Exercise description:
For each record that follows, give it back exactly, with no pictures included.

Entries shown:
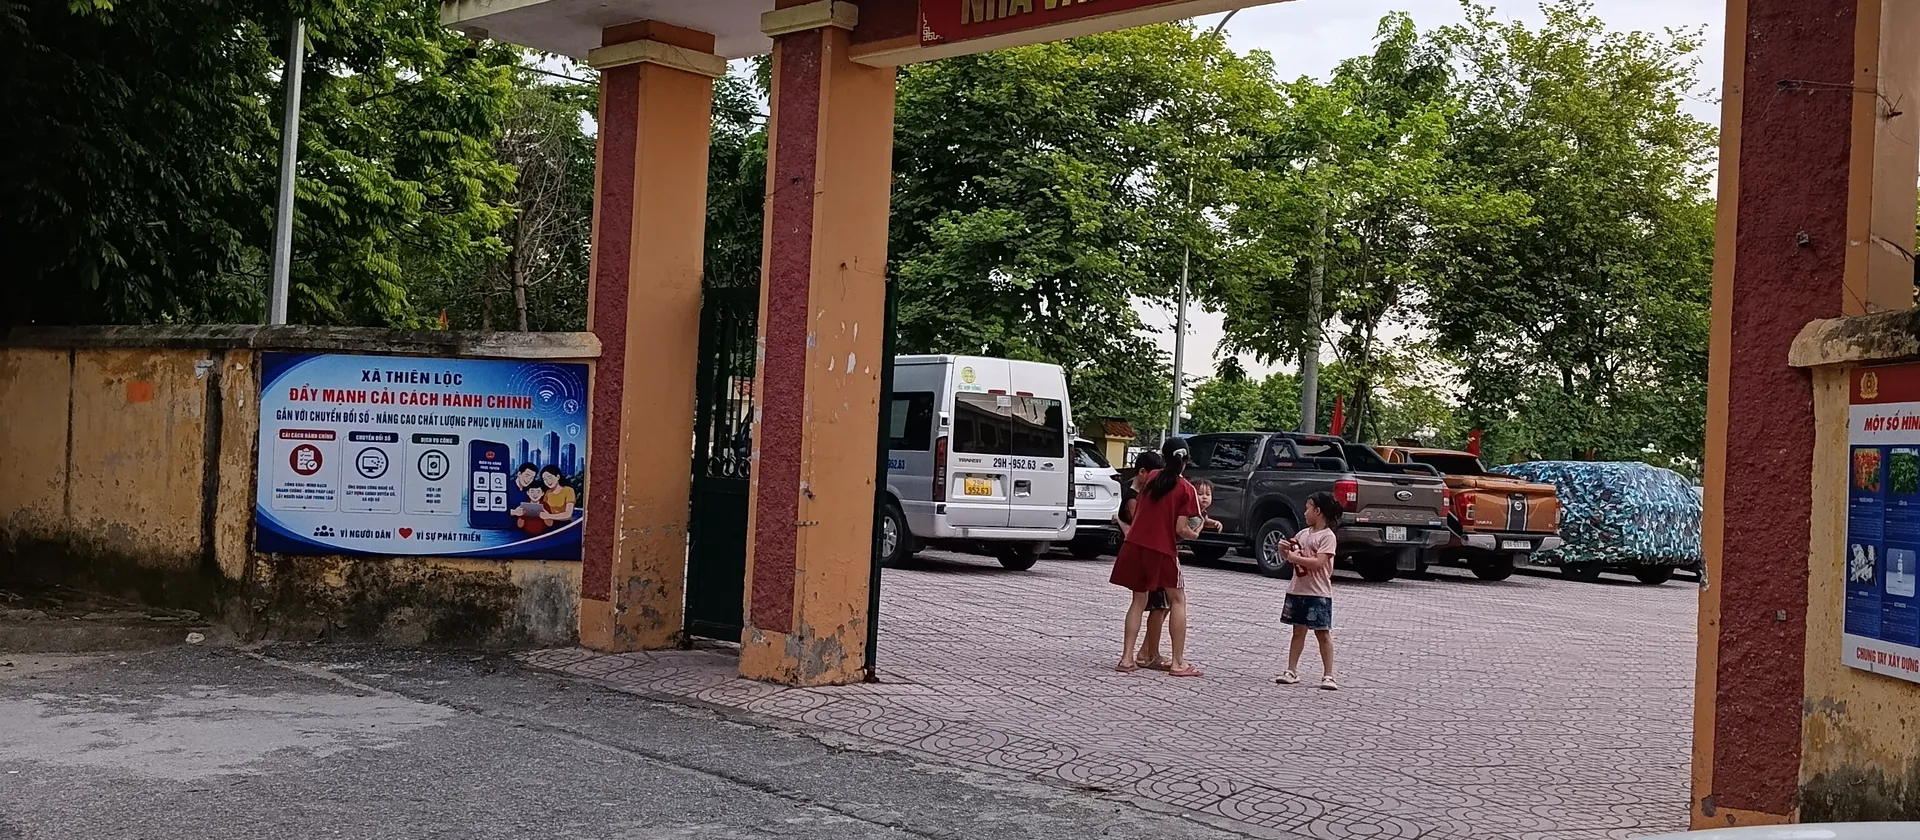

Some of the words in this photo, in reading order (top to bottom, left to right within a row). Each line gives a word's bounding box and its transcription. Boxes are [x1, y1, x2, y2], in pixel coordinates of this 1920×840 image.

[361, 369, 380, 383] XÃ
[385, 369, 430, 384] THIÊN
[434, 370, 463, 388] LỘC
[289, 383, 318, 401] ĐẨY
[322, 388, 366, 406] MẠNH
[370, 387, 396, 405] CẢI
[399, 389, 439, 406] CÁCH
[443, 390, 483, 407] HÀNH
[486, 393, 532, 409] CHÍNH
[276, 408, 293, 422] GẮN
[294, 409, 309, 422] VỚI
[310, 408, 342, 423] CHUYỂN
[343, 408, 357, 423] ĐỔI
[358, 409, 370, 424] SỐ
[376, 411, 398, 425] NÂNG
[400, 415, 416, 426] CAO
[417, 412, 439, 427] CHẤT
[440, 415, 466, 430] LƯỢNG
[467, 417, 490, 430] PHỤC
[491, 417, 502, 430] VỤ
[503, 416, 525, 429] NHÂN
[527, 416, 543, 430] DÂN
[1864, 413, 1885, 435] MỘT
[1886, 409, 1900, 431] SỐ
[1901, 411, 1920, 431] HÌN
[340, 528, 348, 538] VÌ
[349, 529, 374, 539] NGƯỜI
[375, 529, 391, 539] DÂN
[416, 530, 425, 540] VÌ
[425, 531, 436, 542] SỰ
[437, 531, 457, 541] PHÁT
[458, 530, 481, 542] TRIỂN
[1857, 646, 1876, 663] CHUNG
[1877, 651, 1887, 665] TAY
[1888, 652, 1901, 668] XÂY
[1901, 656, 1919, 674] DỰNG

Solution to this problem:
Some of the words in this photo, in reading order (top to bottom, left to right within a row). Each line gives a word's bounding box and its transcription. Boxes are [x1, y1, x2, y2], in pixel coordinates of this 1920×840 image.

[361, 369, 380, 383] XÃ
[385, 369, 430, 384] THIÊN
[434, 370, 463, 388] LỘC
[289, 383, 318, 401] ĐẨY
[322, 388, 366, 406] MẠNH
[370, 387, 396, 405] CẢI
[399, 389, 439, 406] CÁCH
[443, 390, 483, 407] HÀNH
[486, 393, 532, 409] CHÍNH
[276, 408, 293, 422] GẮN
[294, 409, 309, 422] VỚI
[310, 408, 342, 423] CHUYỂN
[343, 408, 357, 423] ĐỔI
[358, 409, 370, 424] SỐ
[376, 411, 398, 425] NÂNG
[400, 415, 416, 426] CAO
[417, 412, 439, 427] CHẤT
[440, 415, 466, 430] LƯỢNG
[467, 417, 490, 430] PHỤC
[491, 417, 502, 430] VỤ
[503, 416, 525, 429] NHÂN
[527, 416, 543, 430] DÂN
[1864, 413, 1885, 435] MỘT
[1886, 409, 1900, 431] SỐ
[1901, 411, 1920, 431] HÌN
[340, 528, 348, 538] VÌ
[349, 529, 374, 539] NGƯỜI
[375, 529, 391, 539] DÂN
[416, 530, 425, 540] VÌ
[425, 531, 436, 542] SỰ
[437, 531, 457, 541] PHÁT
[458, 530, 481, 542] TRIỂN
[1857, 646, 1876, 663] CHUNG
[1877, 651, 1887, 665] TAY
[1888, 652, 1901, 668] XÂY
[1901, 656, 1919, 674] DỰNG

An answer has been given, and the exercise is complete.